The Amazing and True Adventures of Captain Orangeface

Jan 29, 2011 No Comments

By Robbie Bruens

Most pundits believe that, on November 2nd, the American people will hand at least 39 seats in the House of Representatives to the Republicans—ending the four-year-old Democratic majority. This will mean the cruel ascension of the hilariously named John Boehner of Ohio to the Speakership. Boehner is largely unknown to the American public. Those who do know of him remember him for his easy-to-mock name and the thick chemical glaze that coats his body that gives his face a disturbing orange glow. But it’s worth learning more about the would-be Speaker, both to understand what’s at stake in this election and what we may very well be facing come January.

Despite his reptilian characteristics, Boehner was surprisingly born to an entirely human family in Reading, Ohio in 1949. The second of twelve children, Boehner served in the Ohio state legislature before being elected to Congress in 1990. He first slithered into a leadership position during the reign of the original prince of darkness, Newt Gingrich. Boehner made headlines in 1996 when he helpfully handed out thick passels of campaign cash from the Tobacco industry to fellow congressmen during a vote on legislation intended to regulate the Tobacco industry, doing his best to embody all that is wrong with our nation’s capitol.

Rather than be embarrassed about his reputation as a callow toady for whichever cartel of corporations offers the highest bid for his legislative dirty work, Boehner wears his country club cred as a badge of honor. Boehner’s defenders claim it’s important to be close to the “nation’s employers” in a time of stubbornly high unemployment. Of course, this assumes that the business interests that Boehner flatly admits he works for are even remotely interested in job creation. However, since big business is sitting on $2 trillion in reserves rather than using that money to create jobs, it’s reasonable to assume that big business cares only about profitability and stability. Getting unemployed folks back to work is just not on their to-do list.

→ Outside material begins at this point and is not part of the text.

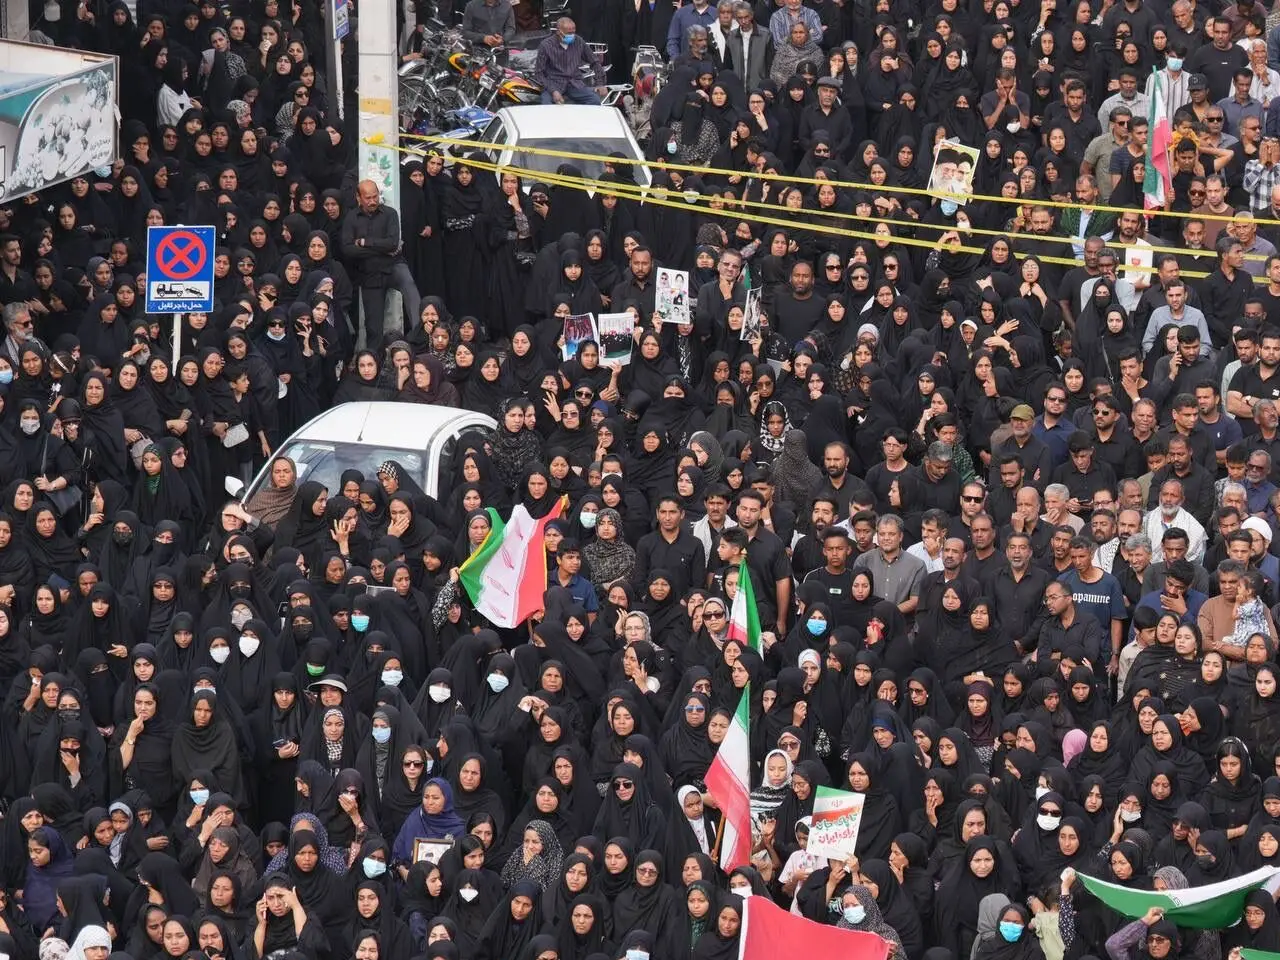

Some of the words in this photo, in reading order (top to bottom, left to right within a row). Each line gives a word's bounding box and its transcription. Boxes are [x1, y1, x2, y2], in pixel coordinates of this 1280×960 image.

And so, it was with irony and nostalgia that Boehner unveiled the party’s vaunted “Pledge to America,” a campaign document that promises to reduce the deficit by implementing policies that massively increase the deficit. Irony because, in addition to the fact that the pledge itself is a tangled mess of platitudes and policy contradictions, this unveiling took place at a hardware store eligible to benefit from a recently passed small business lending bill—a bill that passed despite almost universal opposition from Boehner and his craven cohort.  Nostalgia because, after only two years of a noble experiment through the leadership of President Obama and Speaker Pelosi, the United States of America is already eager to go back to the same old pack of white males who presided over the sickening corporate cronyism that caused the worst economic crisis since a gruesomely feckless fellow by the name of Hoover was President.

Of course, I’m being unfair. John Boehner’s not white; he’s as orange as the rising sun. He even has a nickname around Capitol Hill: Captain Orangeface. As in,“Captain Orangeface, can you help protect some tax breaks for hedge fund managers? It will be well worth your time!” and “I want to oppose a cap on greenhouse gas emissions, but I bet if I hold out for a bit, Captain Orangeface could get some polluters to shovel some serious dough into my reelection campaign coffers.” The toxic look of corrupt collusion he wears is sickening in an entirely different way than past GOP leaders in the House like the aforementioned spawn of Satan, Newt Gingrich, or the obscenely menacing individual known only as, “The Hammer” (Wikipedia says his real name is Tom Delay, but that has to be a joke. Congressman Delay? Some anonymous editor must be making fun of how they never get anything done in Washington).

When asked why the Pledge to America didn’t contain any proposals to “reform entitlements” (read: cut Social Security or Medicare), John Boehner answered, “When you start down that path, you just invite all kind of problems. I know. I’ve been there…let’s not get to the potential solutions. Let’s make sure Americans understand how big the problem is. Then we can talk about possible solutions and then work ourselves into those solutions that are doable.” That’s right, you big Boehner. Promising to cut Social Security and Medicare will invite all kinds of problems in an election year. But, if you let Americans know how big the problem is and that it’s all Obama’s fault, maybe you’ll get into a position where you can work into those solutions that are doable. Doable meaning useful to your corporate benefactors.